_Data records_
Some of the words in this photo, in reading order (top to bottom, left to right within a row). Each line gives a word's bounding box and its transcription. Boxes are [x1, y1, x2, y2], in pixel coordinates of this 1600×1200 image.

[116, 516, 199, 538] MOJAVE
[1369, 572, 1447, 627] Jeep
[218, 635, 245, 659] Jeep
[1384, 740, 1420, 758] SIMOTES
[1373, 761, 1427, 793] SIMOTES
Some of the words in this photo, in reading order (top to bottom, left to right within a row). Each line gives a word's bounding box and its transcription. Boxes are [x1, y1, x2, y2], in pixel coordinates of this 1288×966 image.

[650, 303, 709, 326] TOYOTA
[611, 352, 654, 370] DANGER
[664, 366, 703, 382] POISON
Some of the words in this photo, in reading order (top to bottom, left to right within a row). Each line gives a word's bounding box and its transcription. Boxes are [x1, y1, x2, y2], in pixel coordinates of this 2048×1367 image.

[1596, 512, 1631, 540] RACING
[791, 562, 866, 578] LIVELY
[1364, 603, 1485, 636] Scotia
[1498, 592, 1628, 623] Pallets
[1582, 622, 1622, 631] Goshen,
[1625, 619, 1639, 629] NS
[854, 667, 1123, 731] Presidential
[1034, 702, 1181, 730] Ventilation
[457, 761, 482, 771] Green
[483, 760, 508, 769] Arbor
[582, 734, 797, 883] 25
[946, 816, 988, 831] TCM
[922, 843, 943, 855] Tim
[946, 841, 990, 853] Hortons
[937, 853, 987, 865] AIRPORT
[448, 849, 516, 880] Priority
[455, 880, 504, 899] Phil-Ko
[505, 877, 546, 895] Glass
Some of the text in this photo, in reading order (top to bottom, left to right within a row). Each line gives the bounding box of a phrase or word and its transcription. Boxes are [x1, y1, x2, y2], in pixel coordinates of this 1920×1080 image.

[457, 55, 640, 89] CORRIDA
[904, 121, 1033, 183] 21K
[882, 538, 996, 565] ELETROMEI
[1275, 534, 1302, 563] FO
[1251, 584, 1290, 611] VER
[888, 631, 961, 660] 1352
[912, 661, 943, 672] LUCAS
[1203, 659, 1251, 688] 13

_To do_
The response should be the lines from the one containing "Some of the text" through the last line of the data, set down exactly and with no other line.

_Response to the exercise_
Some of the text in this photo, in reading order (top to bottom, left to right within a row). Each line gives the bounding box of a phrase or word and its transcription. Boxes are [x1, y1, x2, y2], in pixel coordinates of this 1920×1080 image.

[457, 55, 640, 89] CORRIDA
[904, 121, 1033, 183] 21K
[882, 538, 996, 565] ELETROMEI
[1275, 534, 1302, 563] FO
[1251, 584, 1290, 611] VER
[888, 631, 961, 660] 1352
[912, 661, 943, 672] LUCAS
[1203, 659, 1251, 688] 13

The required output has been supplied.